Le   mobilier   du   professeur   fut   emballé   sous   la   surveillance   de

mademoiselle Zoé, et porté au chemin de fer.

Pendant les jours de déménagement, Riquet errait tristement dans

l’appartement dévasté. Il regardait avec défiance Pauline et Zoé dont

la   venue   avait   précédé   de   peu   de   jours   le   bouleversement   de   la

demeure naguère si paisible. Les larmes de la vieille Angélique, qui

pleurait toute la journée dans la cuisine, augmentaient sa tristesse.
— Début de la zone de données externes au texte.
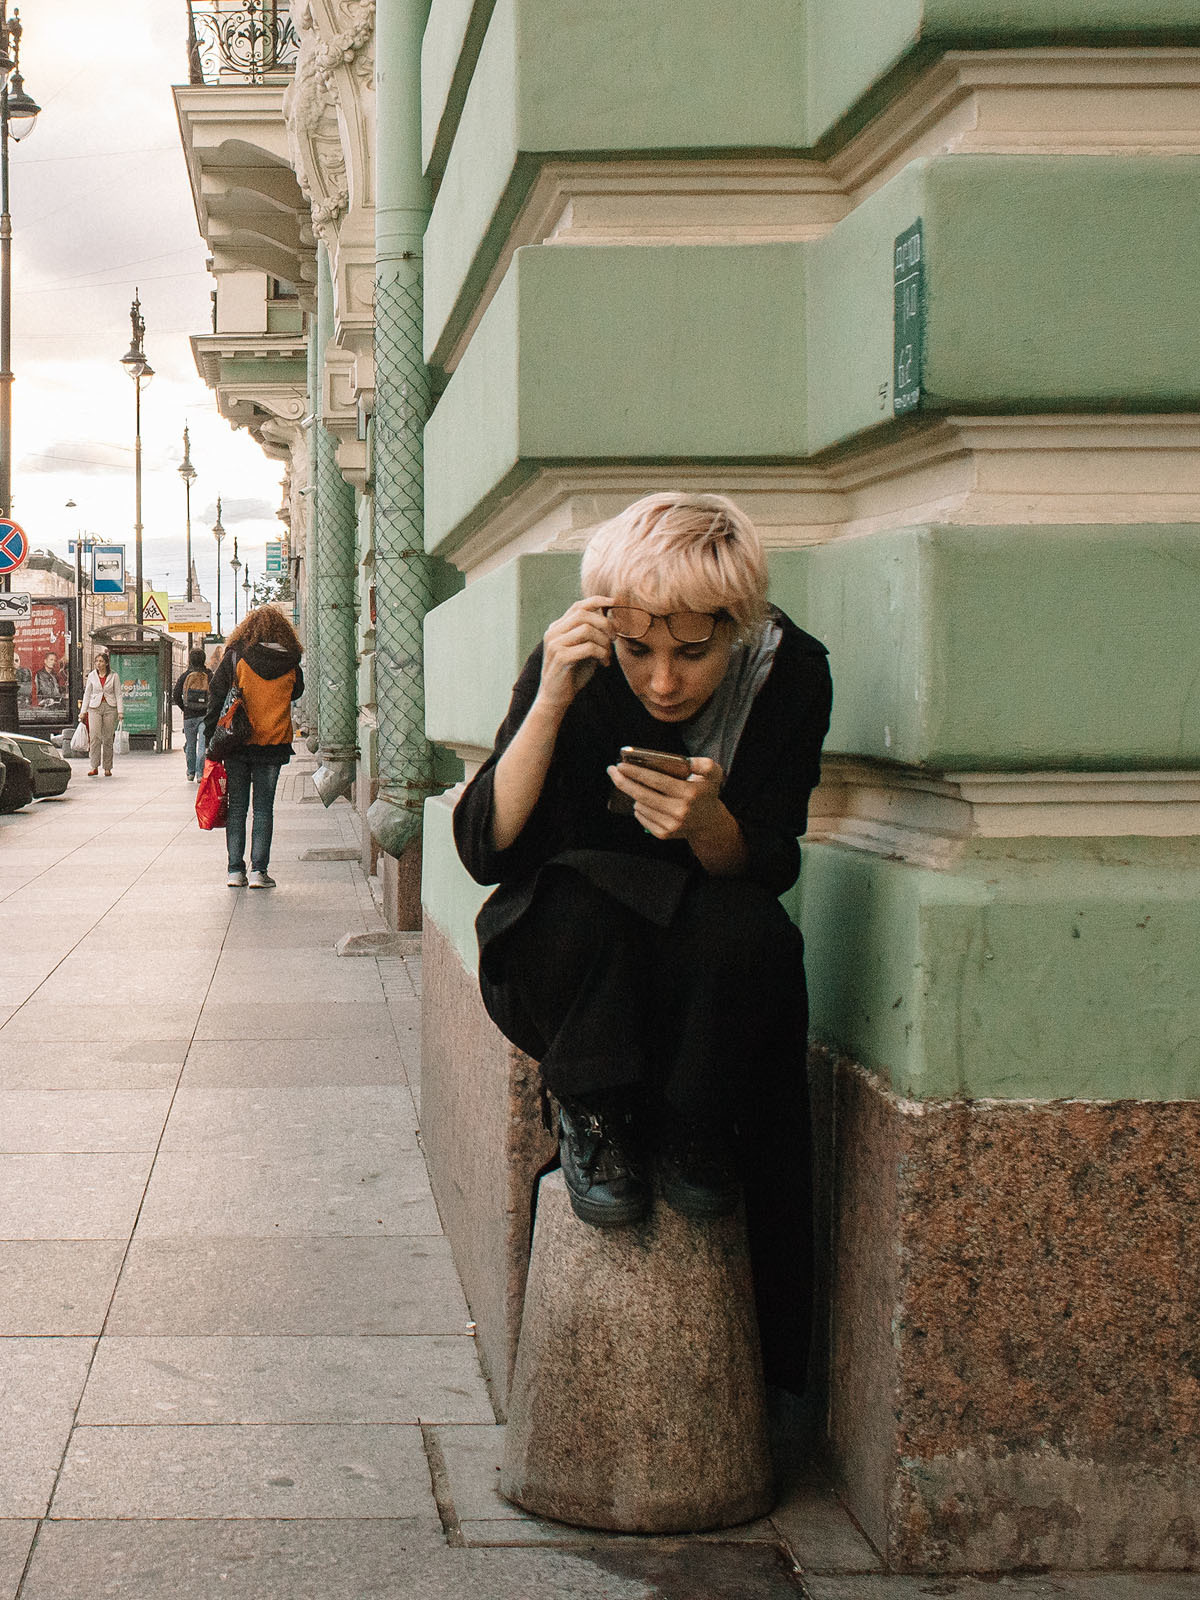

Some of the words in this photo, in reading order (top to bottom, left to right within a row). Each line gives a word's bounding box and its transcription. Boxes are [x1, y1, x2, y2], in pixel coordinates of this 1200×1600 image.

Ses plus chères habitudes étaient contrariées. Des hommes inconnus,

mal vêtus, injurieux et farouches, troublaient son repos et venaient

jusque dans la cuisine fouler au pied son assiette à pâtée et son bol

d’eau fraîche. Les chaises lui étaient enlevées à mesure qu’il s’y

couchait   et   les   tapis   tirés   brusquement   de   dessous   son   pauvre

derrière, que, dans sa propre maison, il ne savait plus où mettre.

Disons, à son honneur, qu’il avait d’abord tenté de résister. Lors

de   l’enlèvement   de   la   fontaine,   il   avait   aboyé   furieusement   à

l’ennemi. Mais à son appel personne n’était venu. Il ne se sentait

point encouragé, et même,  à n’en point douter, il  était combattu.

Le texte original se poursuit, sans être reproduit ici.